11.1.91. Удивительно! Вдруг наткнулся в книге Max Brod tiber KaSa на такое (c. 327): «Rossman (в романе «Америка») ist wirklich vom Autor «umgebracht» worden: das Schlufikapitel ist eine Vision, deren Zeit (falls man da tiberhaupt noch von Zeit und Raum sprechen kann) die Zeitlosigkeit, die Ewigkeit ist, aber vom irdischen Leben her gesehen, also ein eigenartiges Zwischenreich und jenseitiges Leben, in dem ja wahrlich ftir jeden Platz ist, in dem «alle gebraucht werden». Rossman ist in die Transzendenz eingegangen, in eben jenem Sinne, den Karl Jaspers formuliert: «Der Mensch als einzelner in seiner Existenz… ist in seiner Bindung an den transzendenten Gott und durch diese unabhangig gegentiber aller Welt». («Россман (герой романа) действительно был автором «убит»: заключительная глава есть «видение», время действия которого (если тут вообще можно говорить о времени и пространстве) есть безвременье, вечность, но увиденная как бы из земной жизни, то есть своего рода промежуточная область, потусторонняя жизнь, в которой поистине есть место для каждого, в котором «все оказываются нужны». Россман вошел в трансценденцию, в том самом смысле, как об этом говорит Карл Ясперс: «Человек, являясь отдельным существом… оказывается связан с трансцендентным Богом и благодаря этому независим от всего мира»). Но ведь это почти дословно мой замысел.

25.1.91. Работа в очередном тупике. Я пишу, чтоб хоть как-то, технически выстроить текст, но чувствуя, что все придется переписывать. Главное, не удается подняться над психологическим реализмом. Между тем нарастает чувство, что это может быть серьезный философский замысел.

29.1.91. Философия. Попытки вспомнить строчки Феликса — как попытки «припомнить жизнь», как «вспышки сознания в беспамятстве дней»…

Мы живем беспамятно. Попытка вспомнить — всегда творчество.

2.2.91. Утром начал перечитывать первые главы — плохо, а главное, безнадежно.

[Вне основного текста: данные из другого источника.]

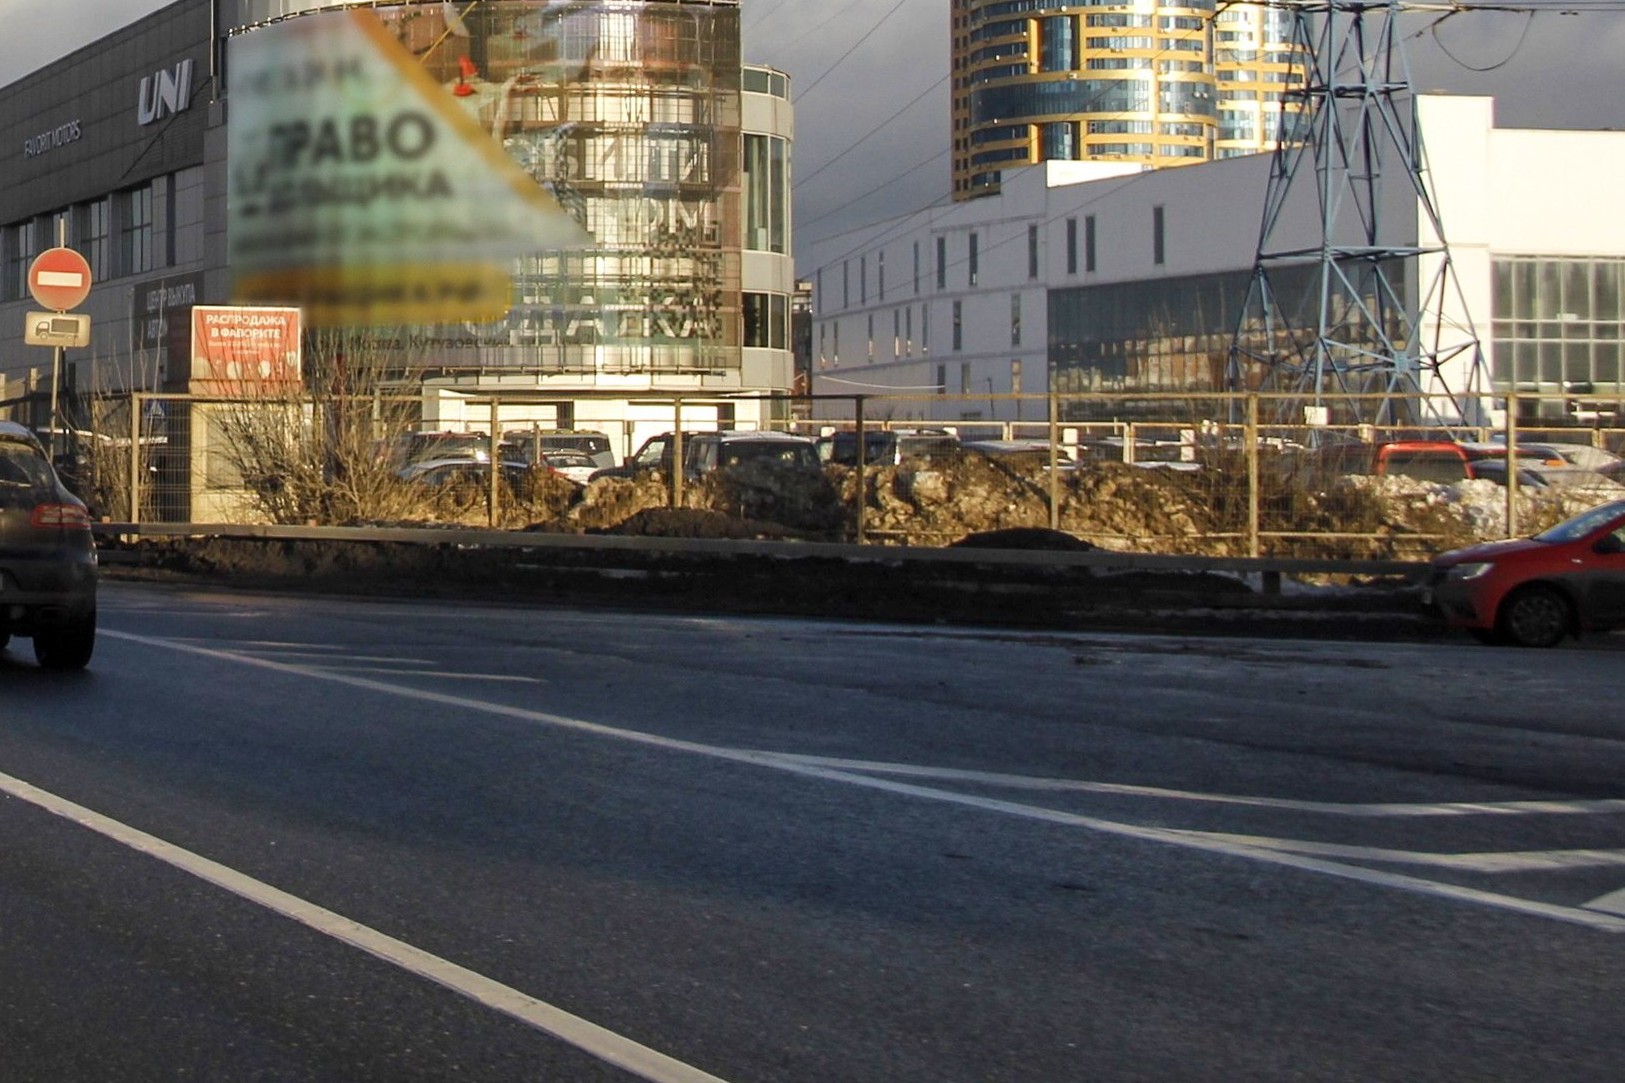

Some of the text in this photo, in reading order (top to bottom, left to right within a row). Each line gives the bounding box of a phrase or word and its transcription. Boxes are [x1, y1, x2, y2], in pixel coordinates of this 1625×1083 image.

Но как часто бывает, на глубине кризиса вспыхивает искорка, идея, и сюжет оживает вновь. Только надо сначала забыть о желании успеть к какому-то сроку и возможности напечататься…

Из рабочего дневника. Искорка полуслучайной мысли: зарождающийся в герое страх — страх рождающегося, выходящего из утробы в открытый мир, с холодом, ветром, звуками (как будто до сих пор был глуховат)…

11.2.91. Странное чувство: общественной бесформенности, неизбежного усугубления катастрофы (отсутствие самых необходимых продуктов, дороговизна уже становятся угнетающими), может быть, неизбежной крови — и в то же время удивительная полнота бытия, мыслей, редкостная красота леса, тихое, целящее прикосновение снежинок к лицу, дети, любовь, работа, книги, тревоги.